Collected data:
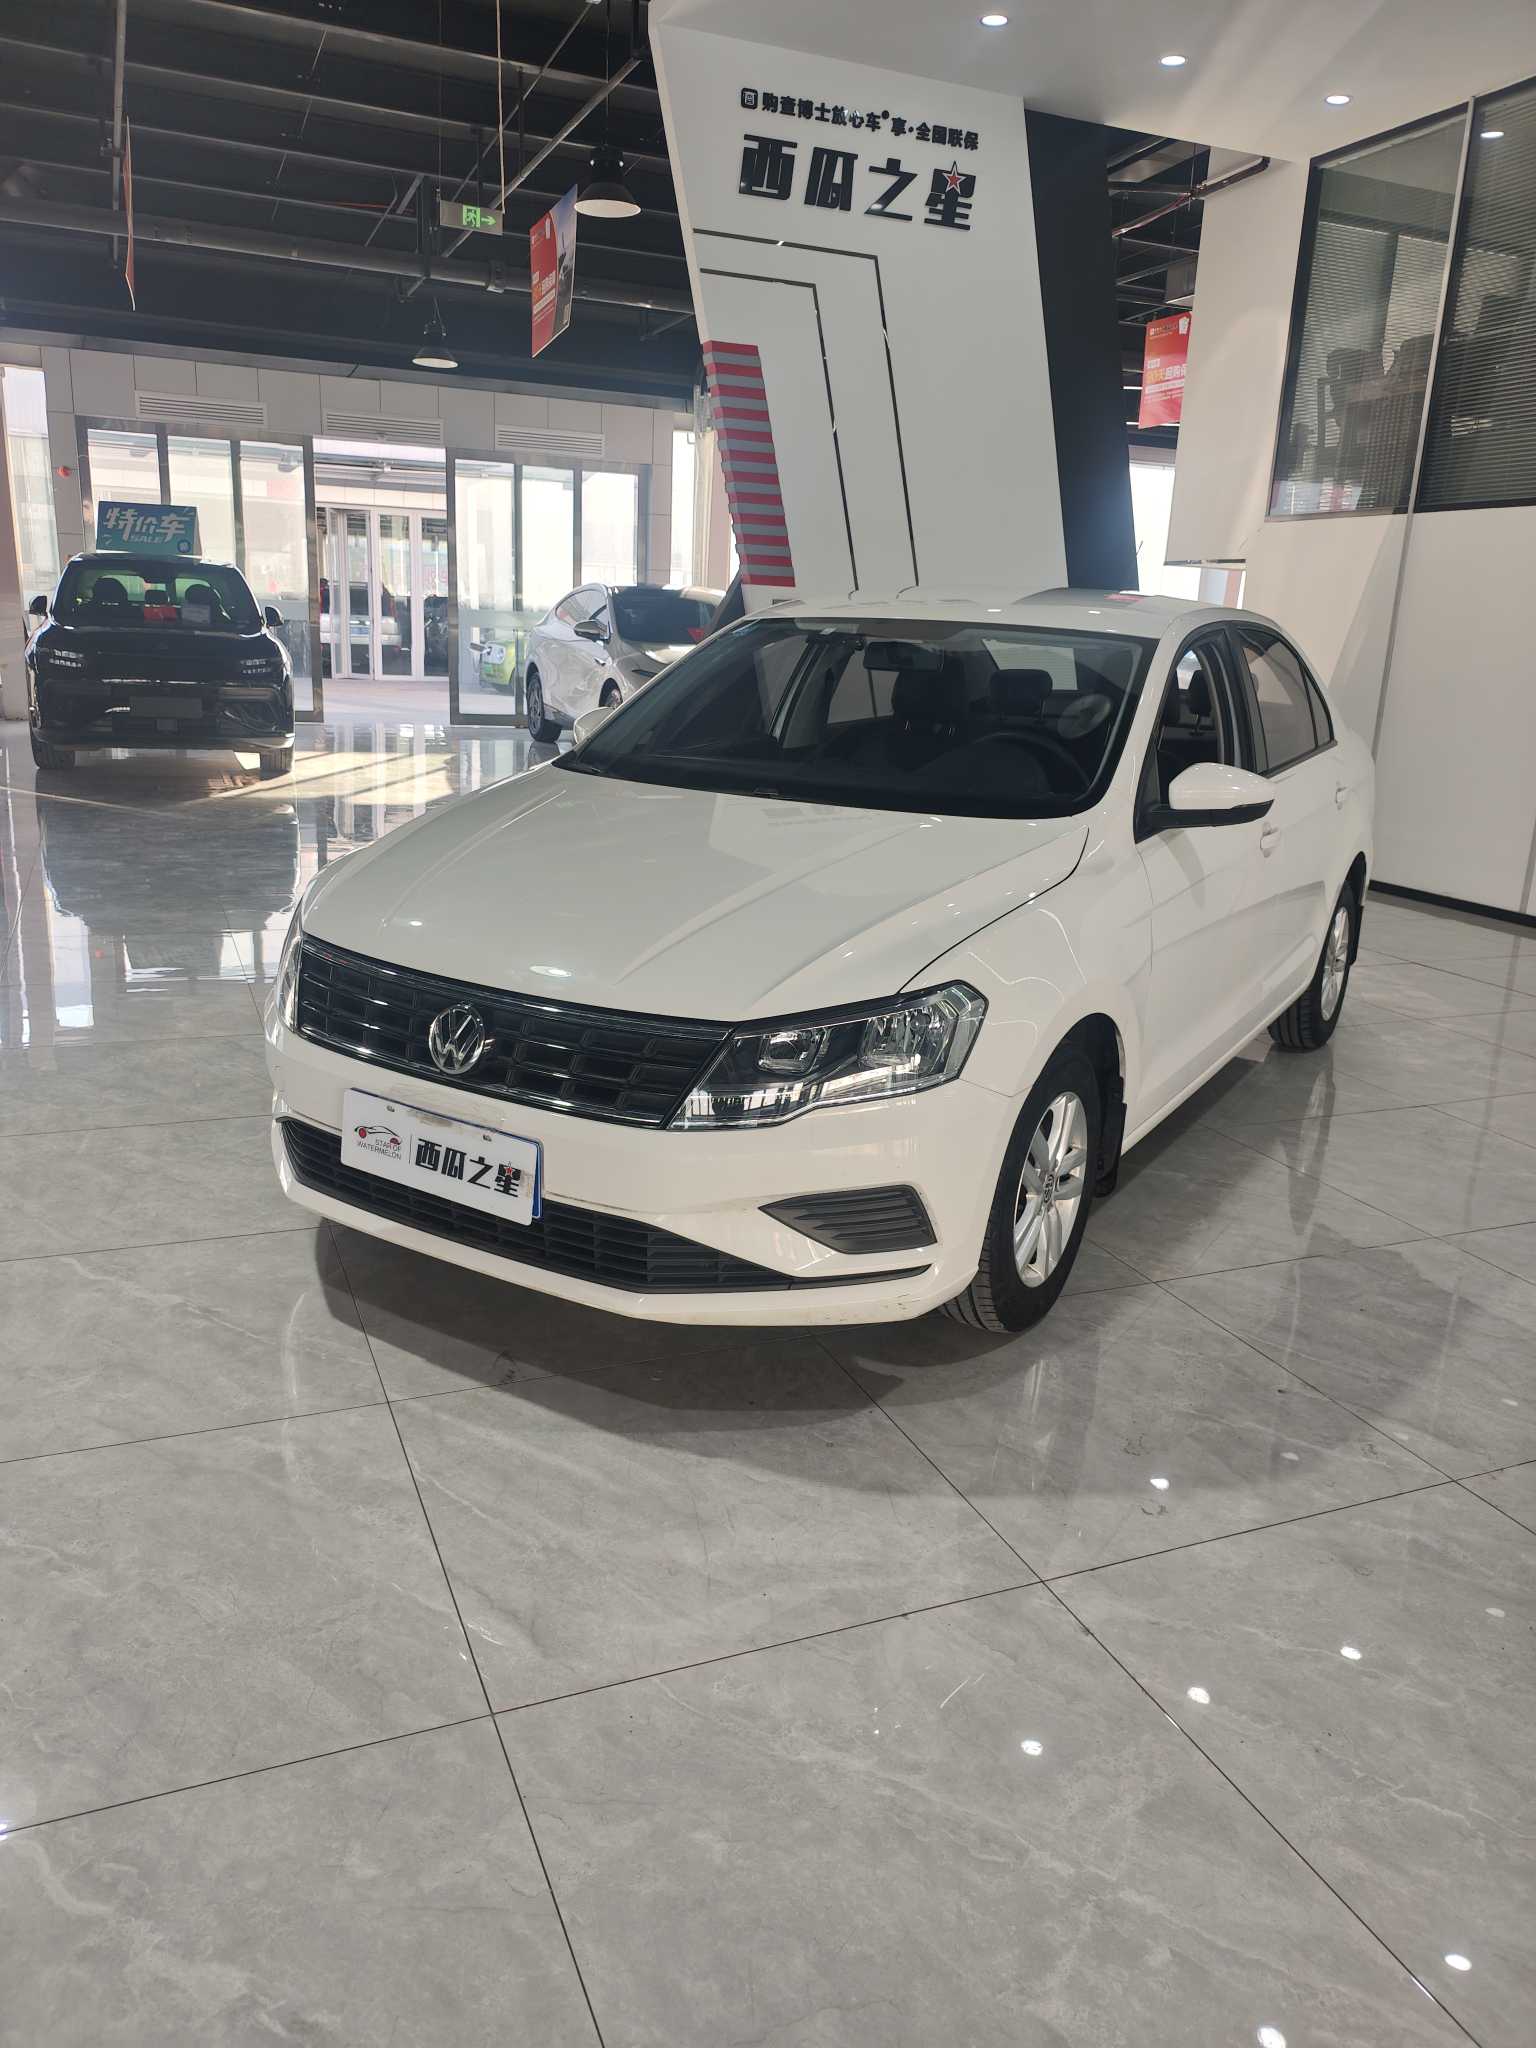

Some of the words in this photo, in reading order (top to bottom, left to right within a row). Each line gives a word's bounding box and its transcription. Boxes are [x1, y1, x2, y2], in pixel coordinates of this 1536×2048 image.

[738, 133, 977, 231] 西瓜之星
[104, 507, 188, 543] 特价车
[358, 1140, 402, 1161] WATERMELON
[415, 1138, 522, 1198] 西瓜之星

**What the task requires:** Output every entry word for word, but omit the pictures.

**Answer for the task:**
Some of the words in this photo, in reading order (top to bottom, left to right within a row). Each line gives a word's bounding box and its transcription. Boxes are [x1, y1, x2, y2], in pixel coordinates of this 1536×2048 image.

[738, 133, 977, 231] 西瓜之星
[104, 507, 188, 543] 特价车
[358, 1140, 402, 1161] WATERMELON
[415, 1138, 522, 1198] 西瓜之星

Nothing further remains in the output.